Required action
Transcribe the whole listing without a single picture.

^^^^^^^^^^^^^^^^

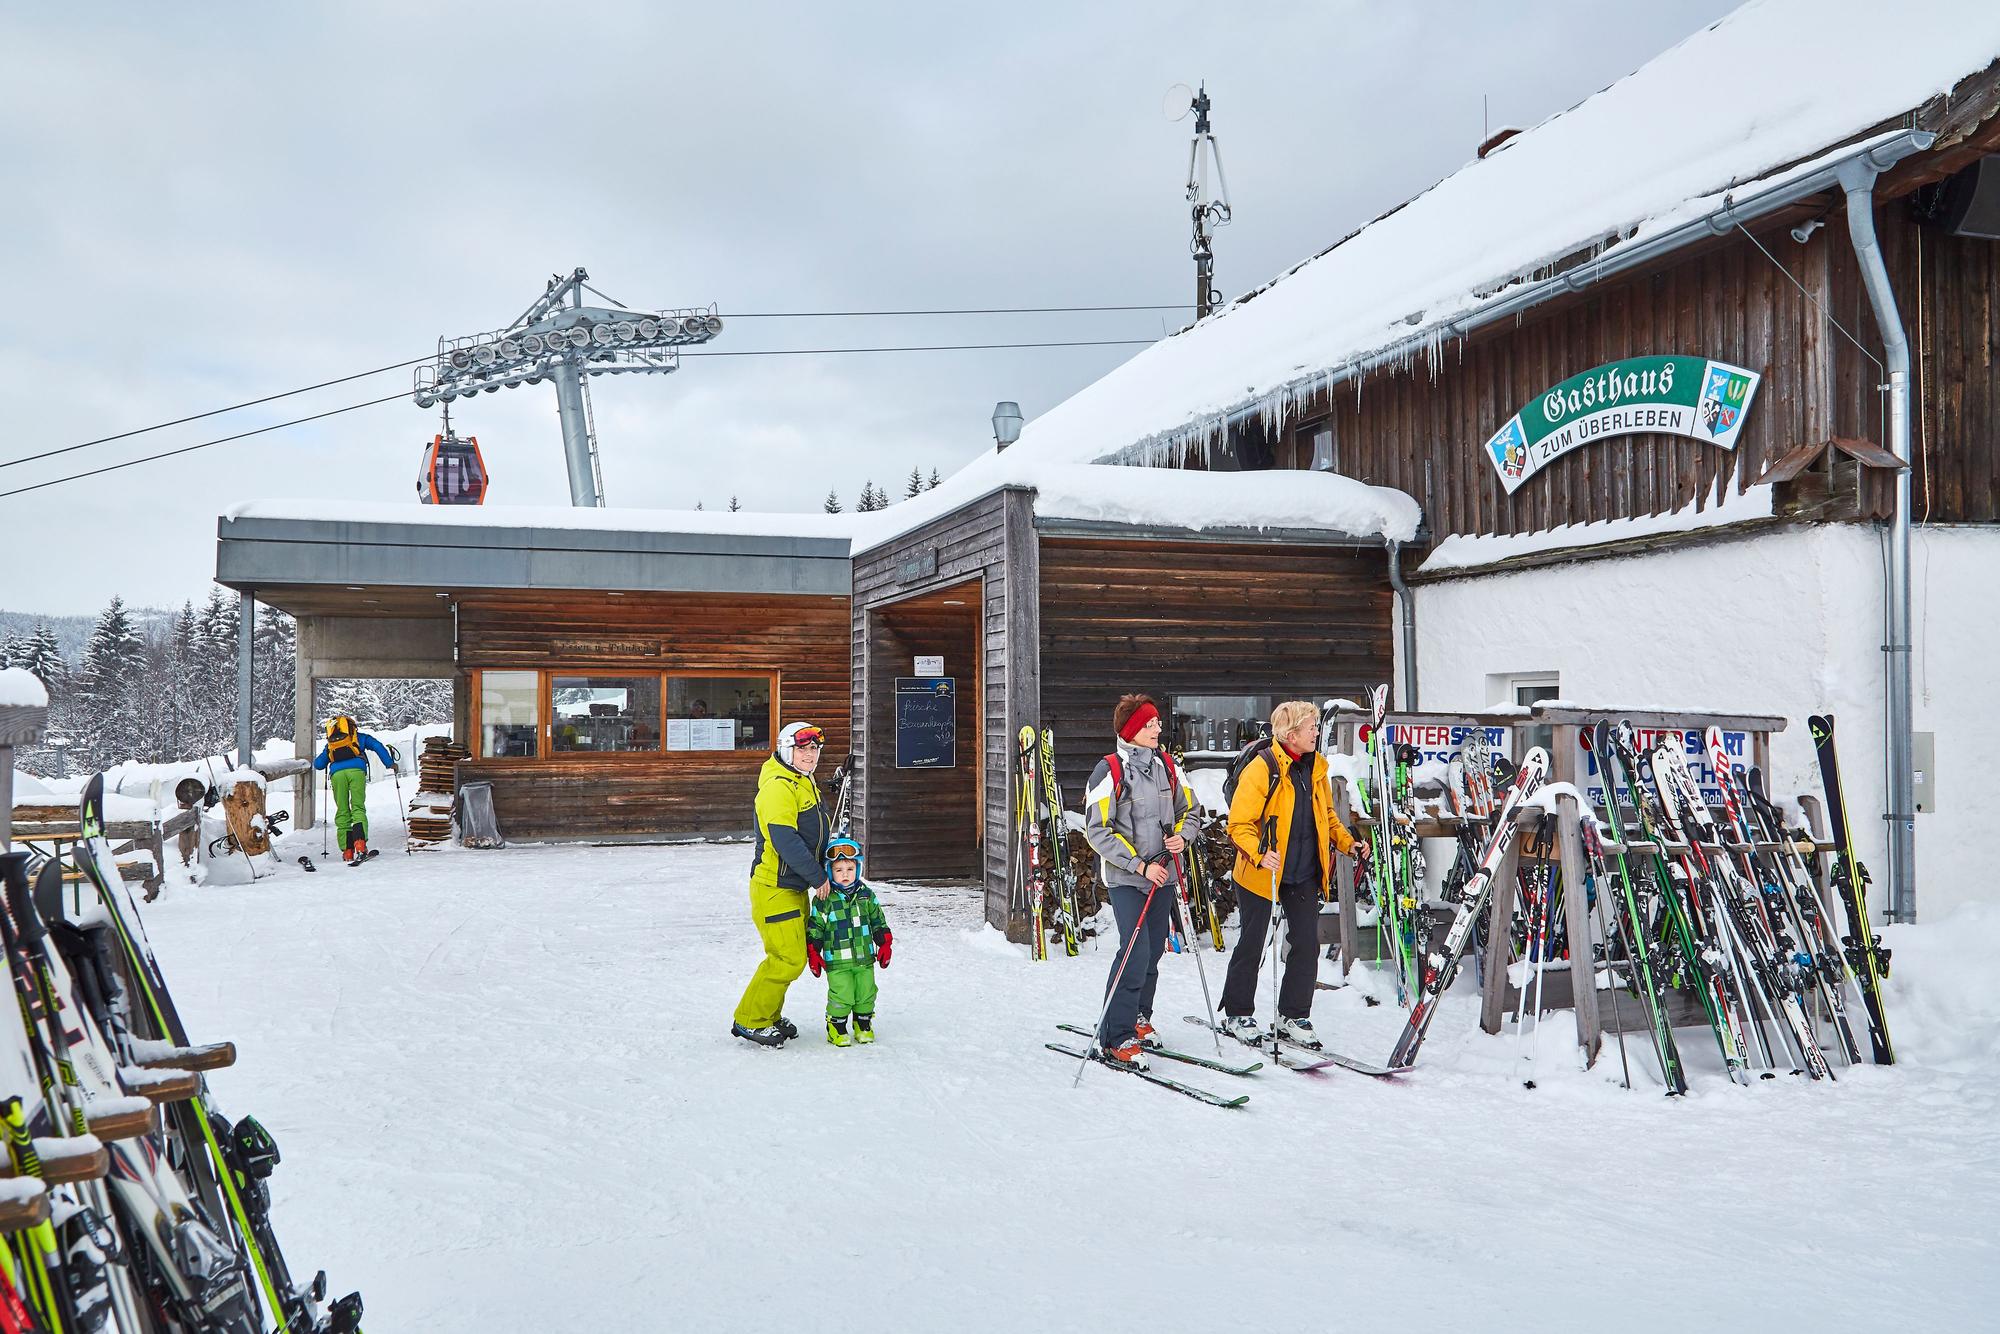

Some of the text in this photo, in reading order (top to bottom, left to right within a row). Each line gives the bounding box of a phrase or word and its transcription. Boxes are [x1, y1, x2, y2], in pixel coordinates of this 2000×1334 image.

[1543, 362, 1675, 423] Gasthaus
[1540, 410, 1683, 459] ZUM ÜBERLEBEN
[1394, 724, 1505, 747] INTERSPRT
[1041, 729, 1057, 805] FISCHER

^^^^^^^^^^^^^^^^

Answer to the exercise
Some of the text in this photo, in reading order (top to bottom, left to right within a row). Each line gives the bounding box of a phrase or word and its transcription. Boxes are [x1, y1, x2, y2], in pixel coordinates of this 2000×1334 image.

[1543, 362, 1675, 423] Gasthaus
[1540, 410, 1683, 459] ZUM ÜBERLEBEN
[1394, 724, 1505, 747] INTERSPRT
[1041, 729, 1057, 805] FISCHER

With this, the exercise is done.